**EXERCISE DESCRIPTION:** Any pictures should be dropped; everything else in the records is to be returned exactly.

**DATA SHOWN:**
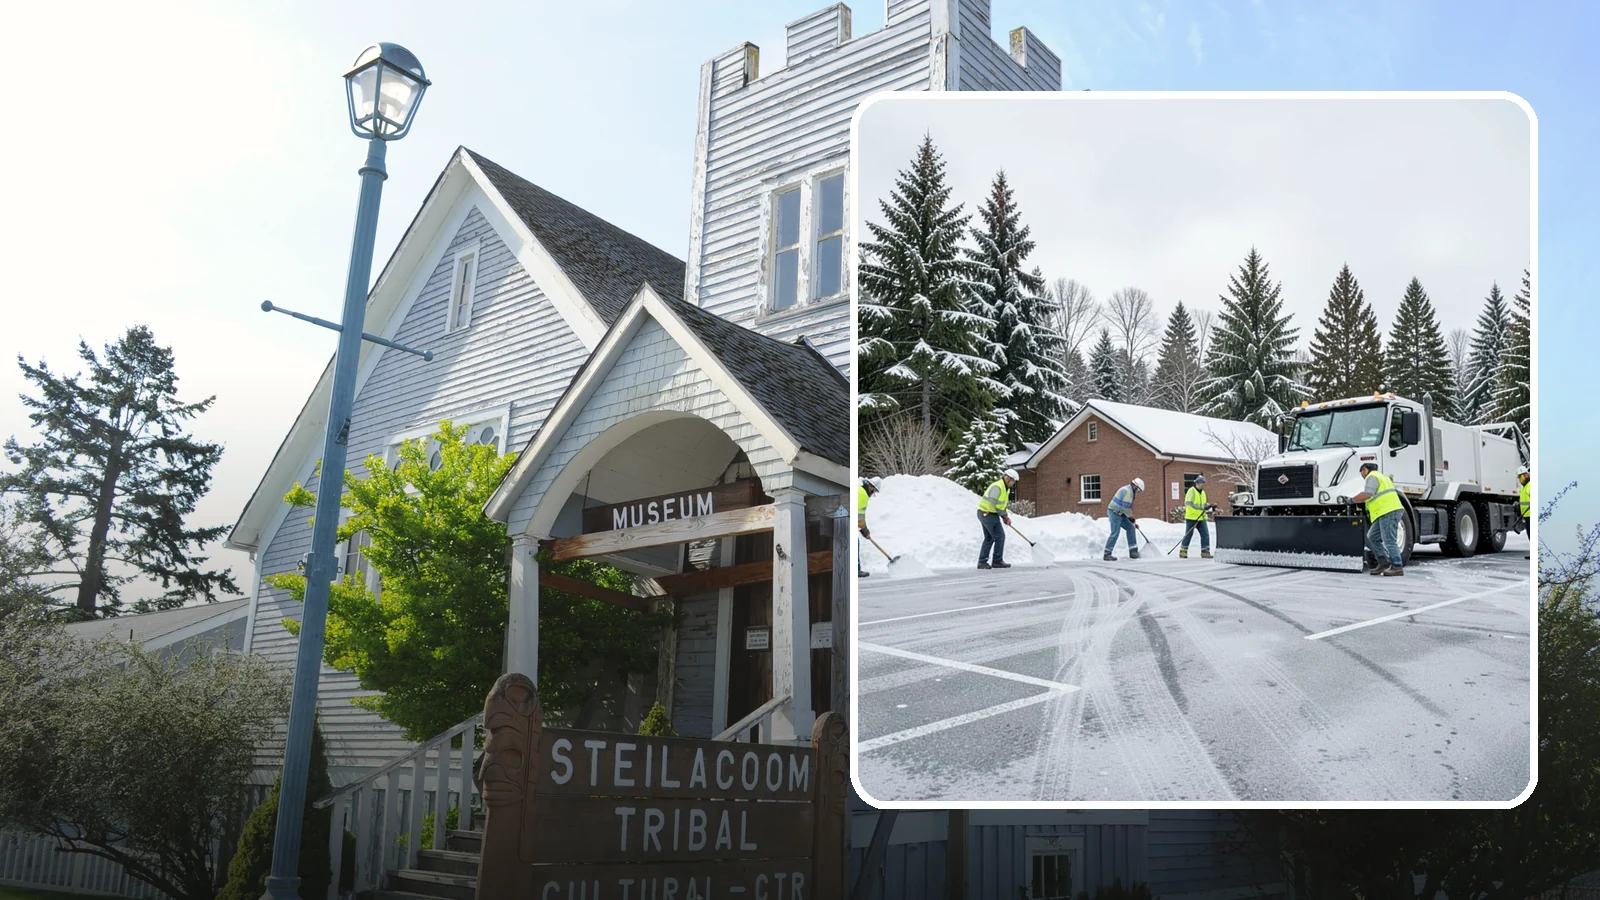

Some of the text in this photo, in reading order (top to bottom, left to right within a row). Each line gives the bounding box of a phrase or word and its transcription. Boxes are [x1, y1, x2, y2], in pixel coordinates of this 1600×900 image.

[612, 491, 714, 530] MUSEUM
[550, 738, 809, 792] STEILACOOM
[615, 807, 758, 852] TRIBAL
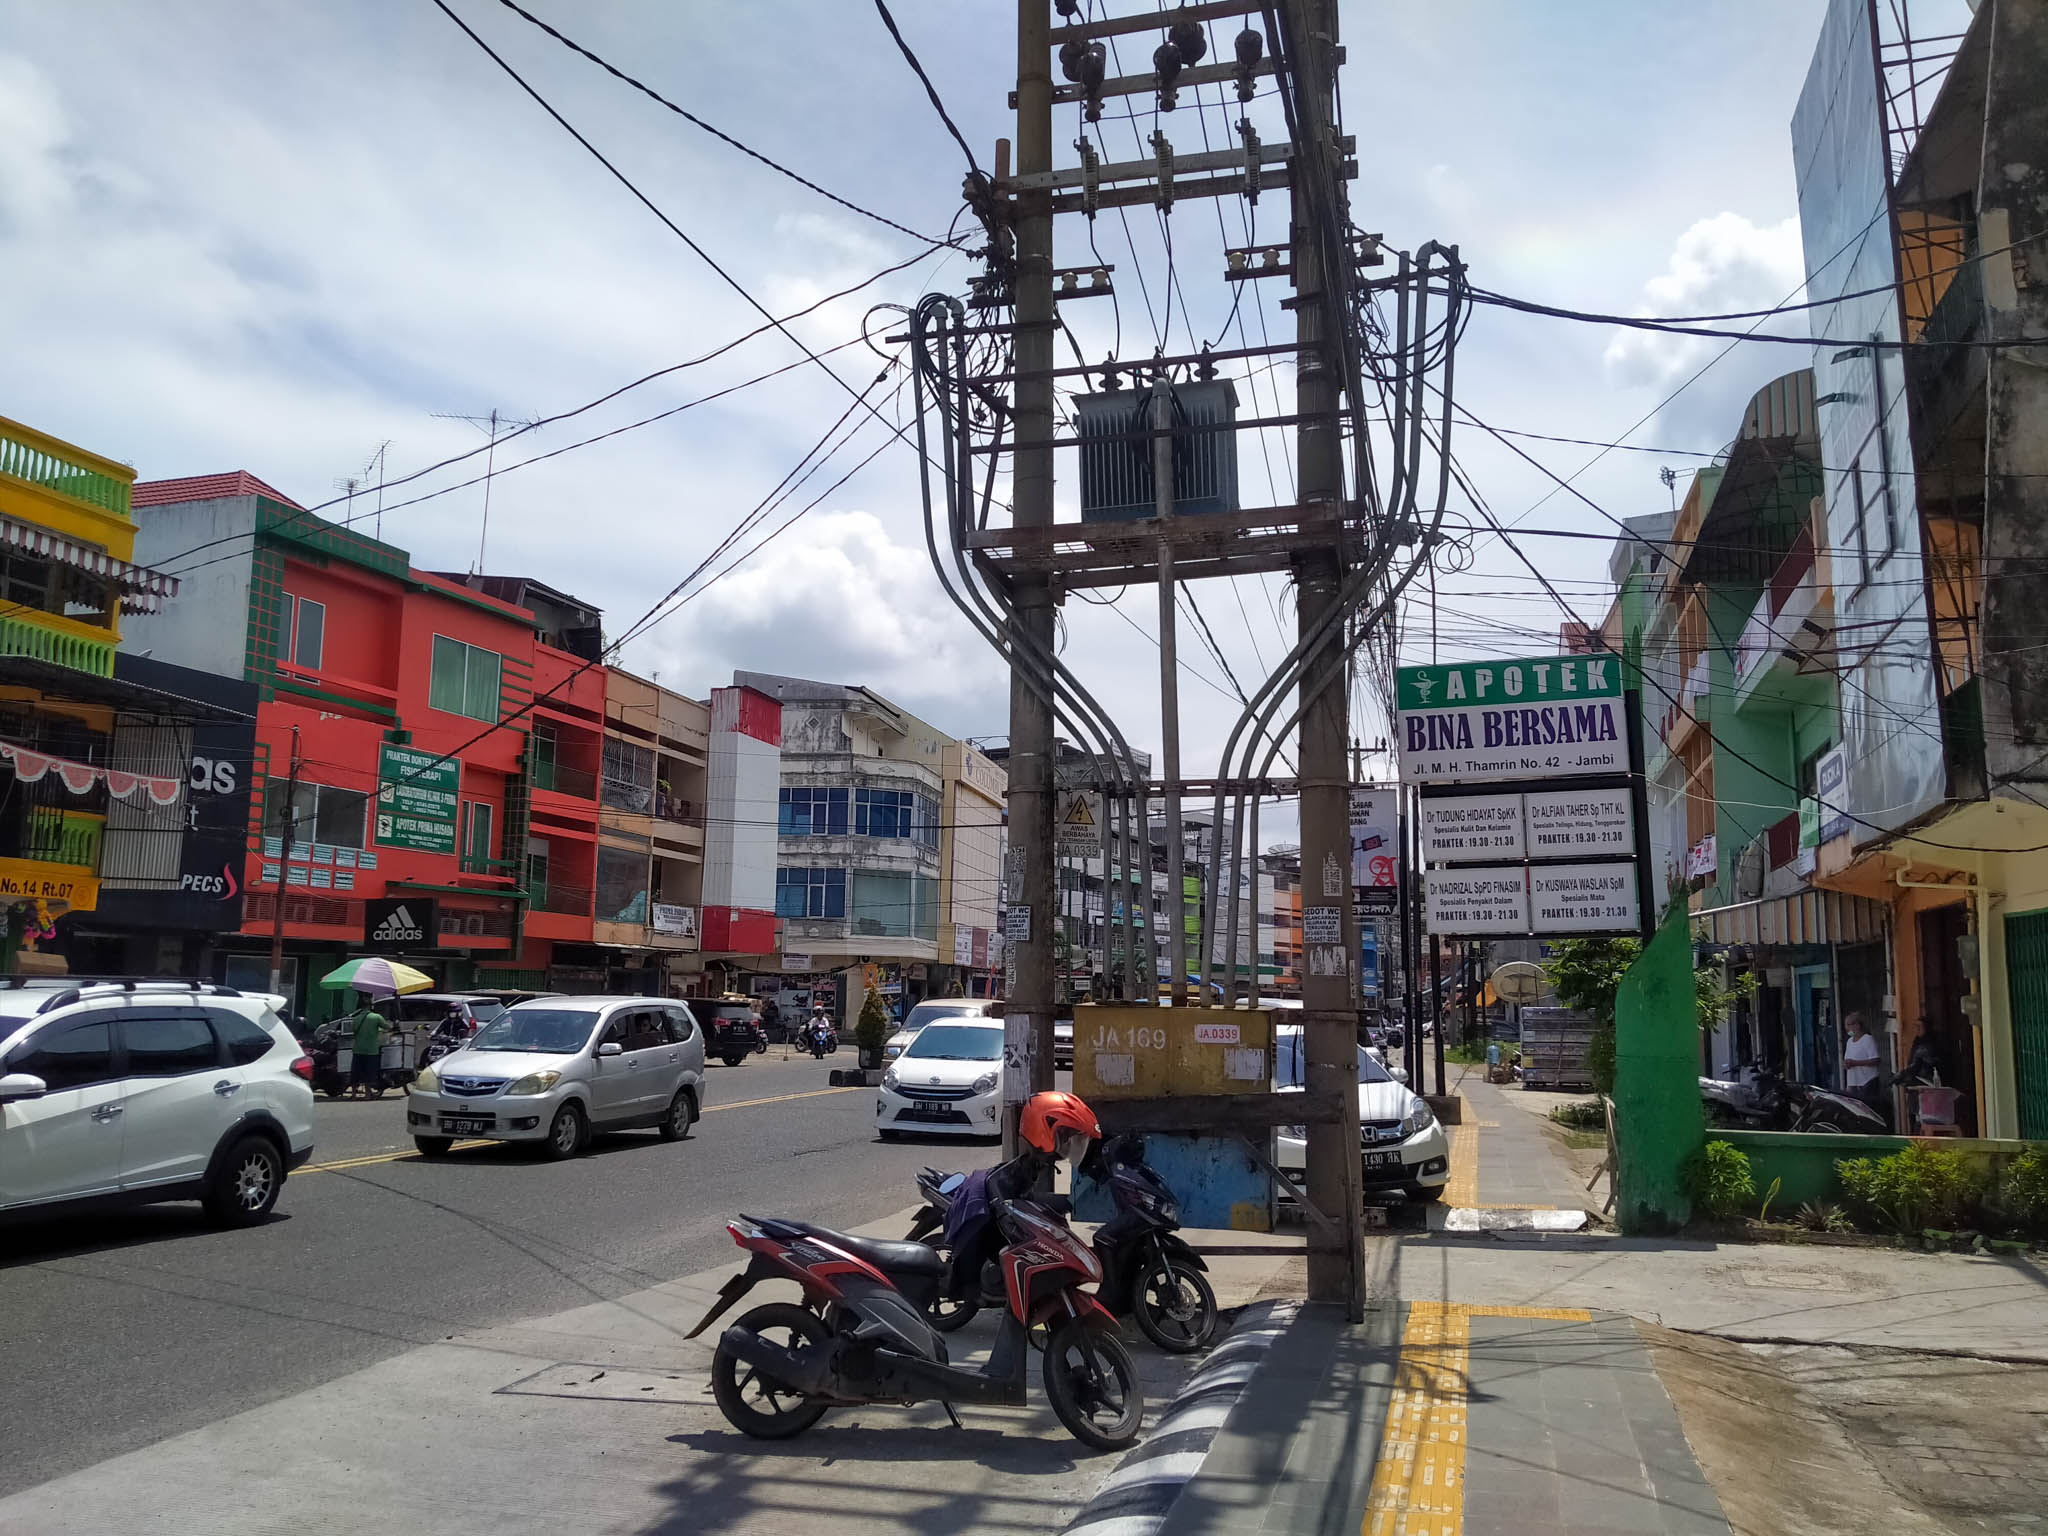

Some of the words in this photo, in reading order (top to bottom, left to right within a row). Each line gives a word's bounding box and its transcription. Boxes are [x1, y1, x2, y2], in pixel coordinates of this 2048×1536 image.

[1446, 660, 1609, 700] APOTEK
[1405, 713, 1474, 752] BINA
[1482, 704, 1618, 748] BERSAMA
[386, 750, 411, 763] PRAKTEK
[1414, 764, 1428, 775] Jl.
[1432, 763, 1446, 773] M.
[1449, 762, 1462, 773] H.
[1465, 758, 1517, 771] Thamrin
[1520, 757, 1542, 769] No.
[1545, 756, 1560, 768] 42
[1575, 753, 1614, 767] Jambi
[1352, 801, 1373, 809] SABAR
[1532, 806, 1540, 818] Dr
[1541, 805, 1565, 817] ALFIAN
[1566, 804, 1589, 816] TAHER
[1590, 803, 1599, 818] Sp
[1600, 803, 1613, 815] THT
[1615, 802, 1624, 814] KL
[1427, 811, 1435, 823] Dr
[1436, 809, 1466, 823] TUDUNG
[1467, 808, 1495, 821] HIDAYAT
[1497, 807, 1517, 822] SpKK
[396, 818, 417, 831] APOTEK
[1434, 825, 1459, 834] Spesialis
[1461, 825, 1474, 833] Kulit
[1476, 824, 1487, 832] Dan
[1432, 838, 1464, 848] PRAKTEK
[1469, 837, 1489, 847] 19.30
[1495, 836, 1514, 846] 21.30
[1538, 833, 1570, 844] PRAKTEK
[1576, 832, 1596, 843] 19.30
[1602, 831, 1622, 842] 21.30
[1074, 845, 1098, 856] 0339
[41, 881, 74, 898] Rt.07
[181, 874, 224, 893] PECS
[1430, 883, 1437, 895] Dr
[1440, 882, 1472, 894] NADRIZAL
[1474, 881, 1492, 896] SpPD
[1494, 881, 1520, 893] FINASIM
[1536, 880, 1544, 892] Dr
[1545, 878, 1578, 892] KUSWAYA
[1579, 878, 1608, 890] WASLAN
[1610, 877, 1624, 892] SpM
[1440, 898, 1466, 907] Spesialis
[1467, 897, 1493, 907] Penyakit
[1494, 897, 1513, 905] Dalam
[1561, 894, 1588, 903] Spesialis
[1590, 893, 1605, 901] Mata
[1327, 907, 1339, 915] WC
[1436, 910, 1467, 920] PRAKTEK
[1472, 910, 1492, 920] 19.30
[1498, 909, 1518, 920] 21.30
[1542, 908, 1574, 918] PRAKTEK
[1580, 907, 1600, 918] 19.30
[1606, 906, 1627, 917] 21.30
[373, 926, 423, 941] adidas
[1093, 1025, 1120, 1048] JA
[1128, 1026, 1166, 1050] 169
[1199, 1028, 1239, 1040] JA.0339
[1037, 1241, 1065, 1260] HONDA

**WRITTEN SOLUTION:**
Some of the text in this photo, in reading order (top to bottom, left to right within a row). Each line gives the bounding box of a phrase or word and its transcription. Boxes are [x1, y1, x2, y2], in pixel coordinates of this 1600×900 image.

[612, 491, 714, 530] MUSEUM
[550, 738, 809, 792] STEILACOOM
[615, 807, 758, 852] TRIBAL

Some of the words in this photo, in reading order (top to bottom, left to right within a row). Each line gives a word's bounding box and its transcription. Boxes are [x1, y1, x2, y2], in pixel coordinates of this 2048×1536 image.

[1446, 660, 1609, 700] APOTEK
[1405, 713, 1474, 752] BINA
[1482, 704, 1618, 748] BERSAMA
[386, 750, 411, 763] PRAKTEK
[1414, 764, 1428, 775] Jl.
[1432, 763, 1446, 773] M.
[1449, 762, 1462, 773] H.
[1465, 758, 1517, 771] Thamrin
[1520, 757, 1542, 769] No.
[1545, 756, 1560, 768] 42
[1575, 753, 1614, 767] Jambi
[1352, 801, 1373, 809] SABAR
[1532, 806, 1540, 818] Dr
[1541, 805, 1565, 817] ALFIAN
[1566, 804, 1589, 816] TAHER
[1590, 803, 1599, 818] Sp
[1600, 803, 1613, 815] THT
[1615, 802, 1624, 814] KL
[1427, 811, 1435, 823] Dr
[1436, 809, 1466, 823] TUDUNG
[1467, 808, 1495, 821] HIDAYAT
[1497, 807, 1517, 822] SpKK
[396, 818, 417, 831] APOTEK
[1434, 825, 1459, 834] Spesialis
[1461, 825, 1474, 833] Kulit
[1476, 824, 1487, 832] Dan
[1432, 838, 1464, 848] PRAKTEK
[1469, 837, 1489, 847] 19.30
[1495, 836, 1514, 846] 21.30
[1538, 833, 1570, 844] PRAKTEK
[1576, 832, 1596, 843] 19.30
[1602, 831, 1622, 842] 21.30
[1074, 845, 1098, 856] 0339
[41, 881, 74, 898] Rt.07
[181, 874, 224, 893] PECS
[1430, 883, 1437, 895] Dr
[1440, 882, 1472, 894] NADRIZAL
[1474, 881, 1492, 896] SpPD
[1494, 881, 1520, 893] FINASIM
[1536, 880, 1544, 892] Dr
[1545, 878, 1578, 892] KUSWAYA
[1579, 878, 1608, 890] WASLAN
[1610, 877, 1624, 892] SpM
[1440, 898, 1466, 907] Spesialis
[1467, 897, 1493, 907] Penyakit
[1494, 897, 1513, 905] Dalam
[1561, 894, 1588, 903] Spesialis
[1590, 893, 1605, 901] Mata
[1327, 907, 1339, 915] WC
[1436, 910, 1467, 920] PRAKTEK
[1472, 910, 1492, 920] 19.30
[1498, 909, 1518, 920] 21.30
[1542, 908, 1574, 918] PRAKTEK
[1580, 907, 1600, 918] 19.30
[1606, 906, 1627, 917] 21.30
[373, 926, 423, 941] adidas
[1093, 1025, 1120, 1048] JA
[1128, 1026, 1166, 1050] 169
[1199, 1028, 1239, 1040] JA.0339
[1037, 1241, 1065, 1260] HONDA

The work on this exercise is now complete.